Type 2 diabetes is one of the leading causes of disability and mortality, and it places a considerable socioeconomic burden on nearly half a billion individuals. The rapid growth of the disease worldwide warrants more effective and practical prevention.1,2 Short sleep (usually under 6 h) has recently been identified as a potential risk factor for type 2 diabetes;3 likewise, not meeting recommended amounts of sleep has become increasingly prevalent among people with type 2 diabetes.4,5 Self-reported short and long sleep durations (those outside the recommended 6–8 h of sleep per day) are repeatedly associated with increased type 2 diabetes risk.6 Short and long sleep has been found to adversely impact diabetes development via multiple pathways, including melatonin and cortisol disruption, neural hyperactivation, low-grade inflammation, and energy homeostasis defects.7,8 Therefore, researchers have suggested screening for sleep disturbance, particularly for short and long sleep duration, as part a preventive measure for type 2 diabetes.9 However, association of device-measured short and long sleep duration with risk of type 2 diabetes remains poorly understood.

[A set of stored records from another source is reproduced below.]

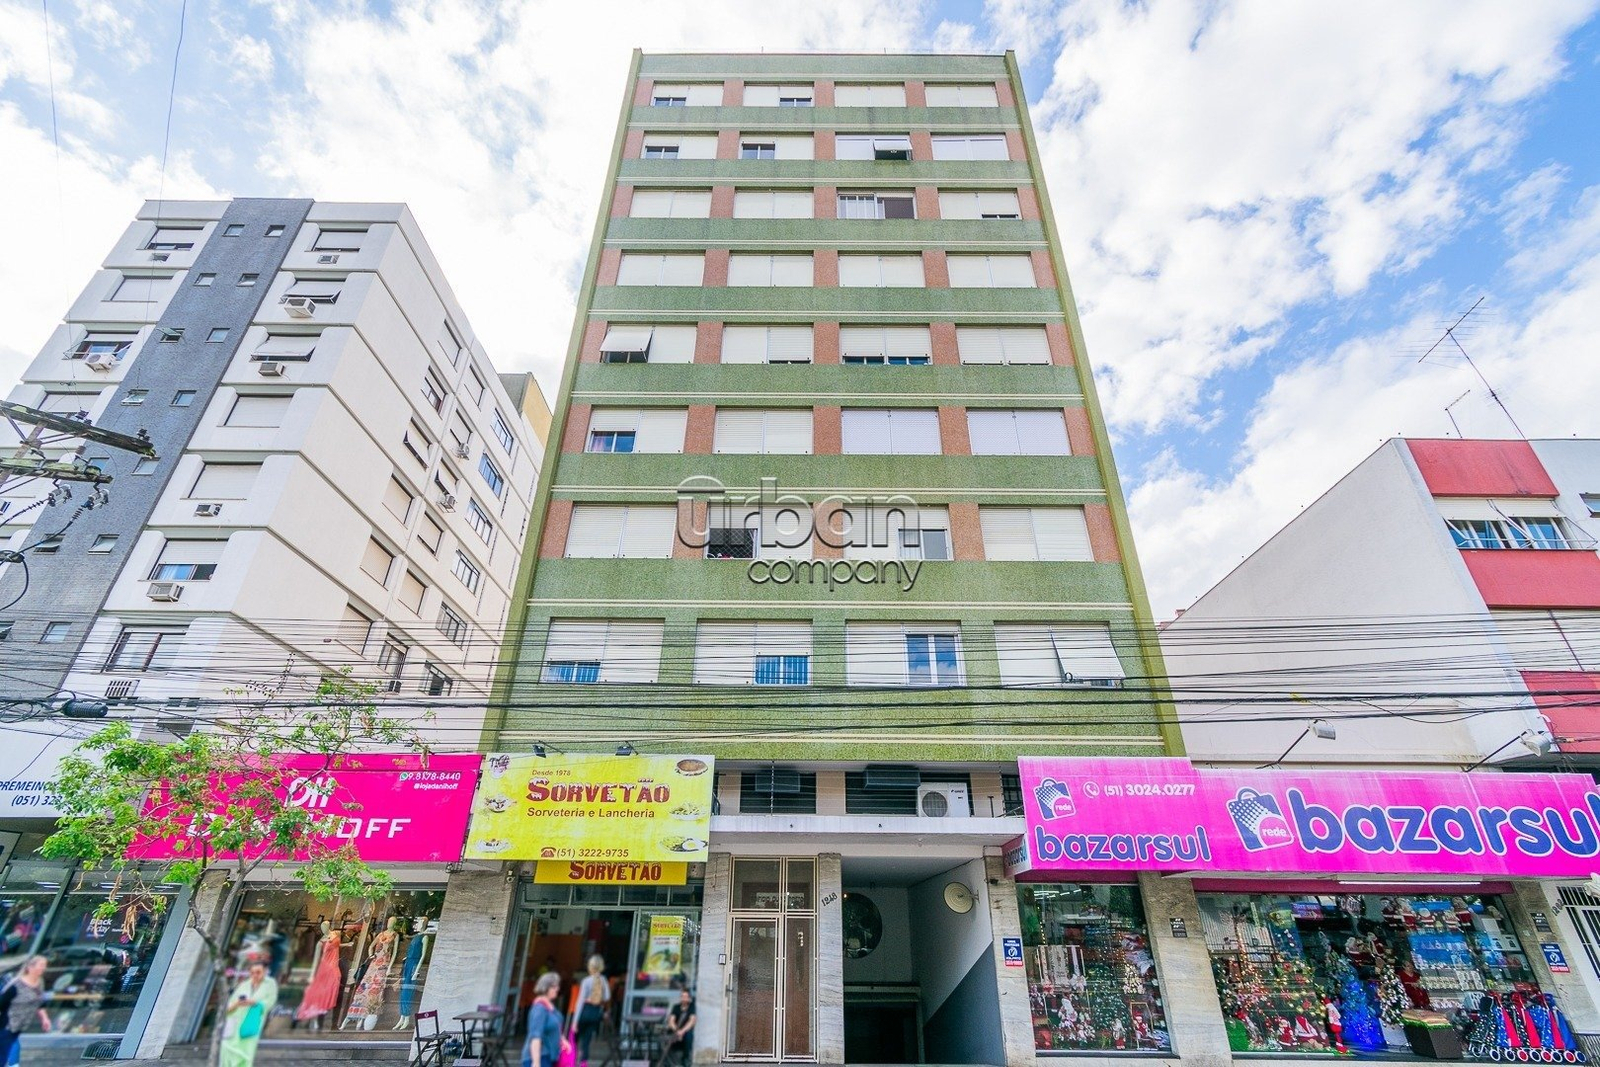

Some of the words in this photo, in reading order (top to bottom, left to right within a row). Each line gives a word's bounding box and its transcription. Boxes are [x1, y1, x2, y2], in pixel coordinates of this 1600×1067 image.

[526, 777, 671, 803] SORVETÃO
[1104, 784, 1124, 797] (51)
[1126, 784, 1196, 797] 3024.0277
[11, 795, 40, 807] (051)
[527, 807, 585, 817] Sorveteria
[588, 810, 595, 818] e
[599, 808, 655, 818] Lancheria
[1055, 803, 1072, 812] rede
[1262, 826, 1287, 838] rede
[1035, 825, 1211, 861] bazarsul
[556, 848, 576, 859] (51)
[578, 849, 629, 858] 3222-9735
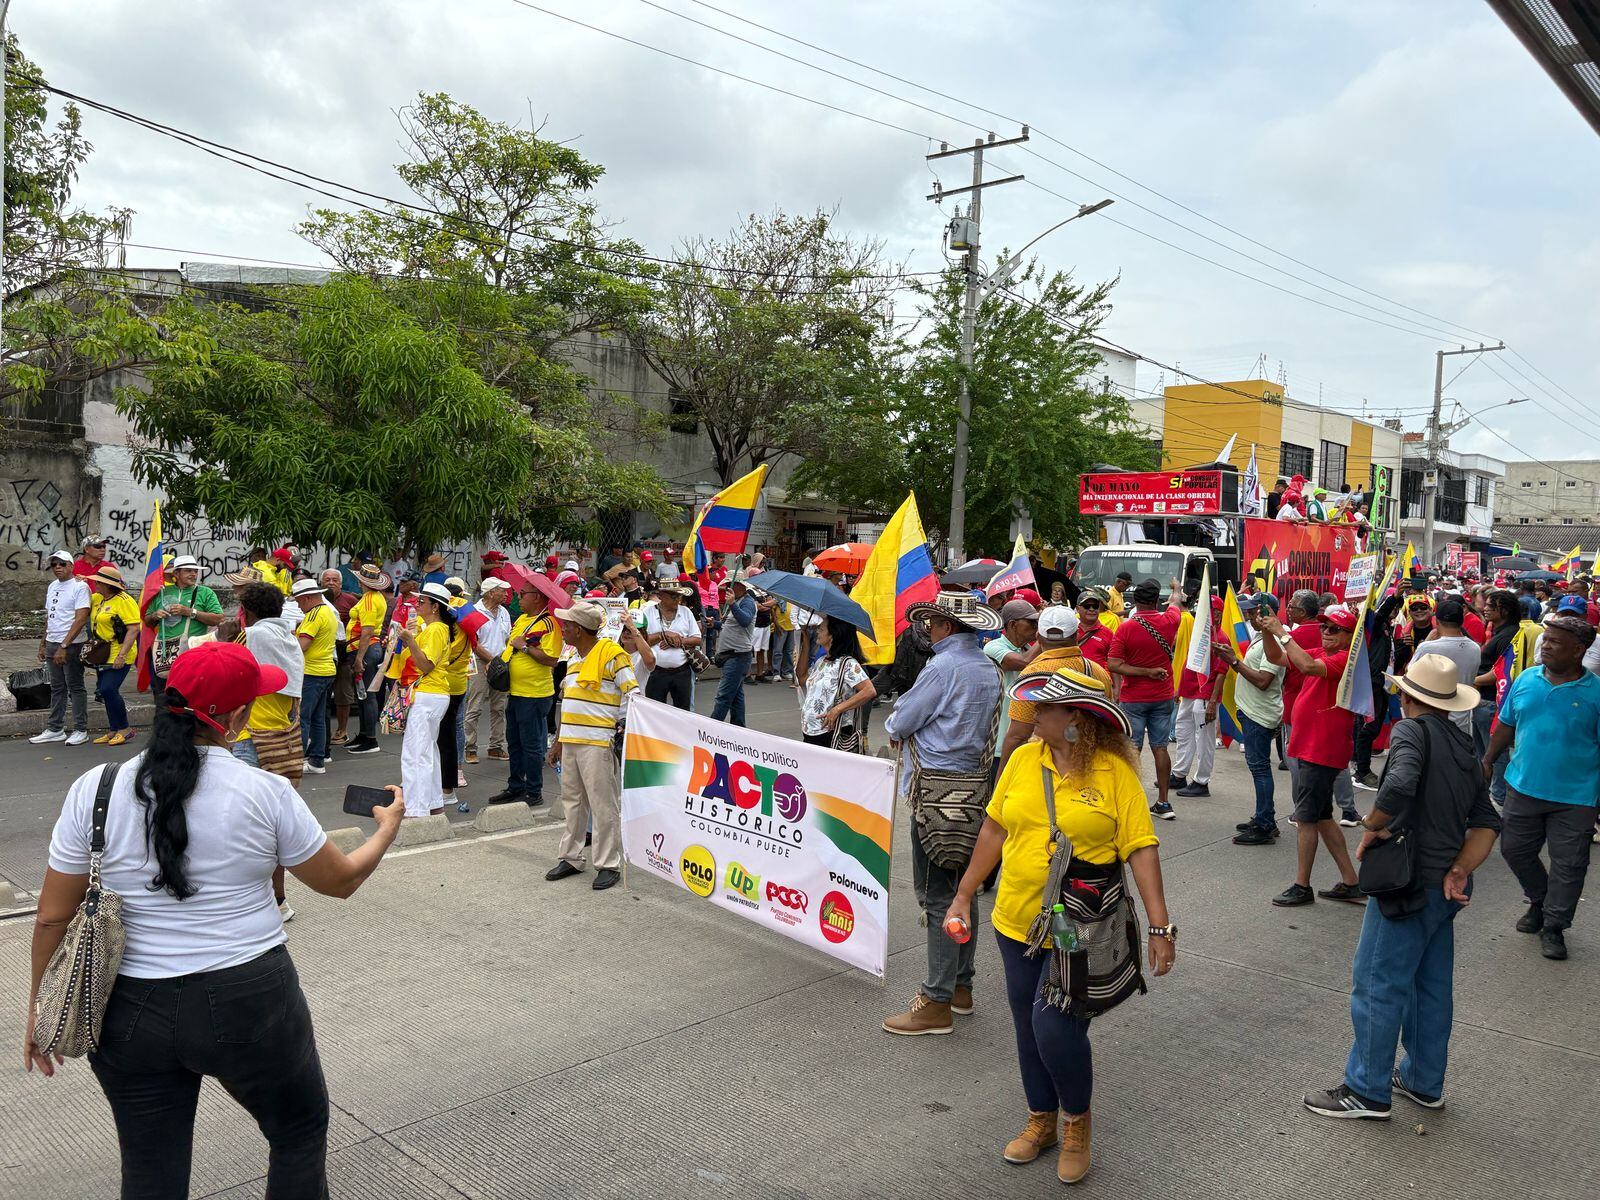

While maintaining healthy sleep duration could be a preventive strategy, unhealthy amounts of sleep are sometimes inevitable. In these cases, physical activity (PA) may be considered an alternative for ameliorating the risk of type 2 diabetes. Moderate-to-vigorous PA (MVPA) is recognized and recommended by guidelines as a robust preventive factor for type 2 diabetes.10 On the other hand, evidence of the protective role of light-intensity PA (LPA) remains limited. This is due to the inability for self-reported measurements, upon which most existing epidemiological studies have relied, to measure LPA accurately.11 Device-based measurements are capable of capturing a wide range of PA intensities, including LPA.11 There are device-measured evidences suggesting that LPA is beneficial to various diabetes-related health outcomes, including obesity and glucose metabolism.11 Considering that for some special groups, such as people with morbid obesity or the elderly, MVPA may not be feasible, the potential of LPA for protecting people from excessive type 2 diabetes risk should be investigated and understood.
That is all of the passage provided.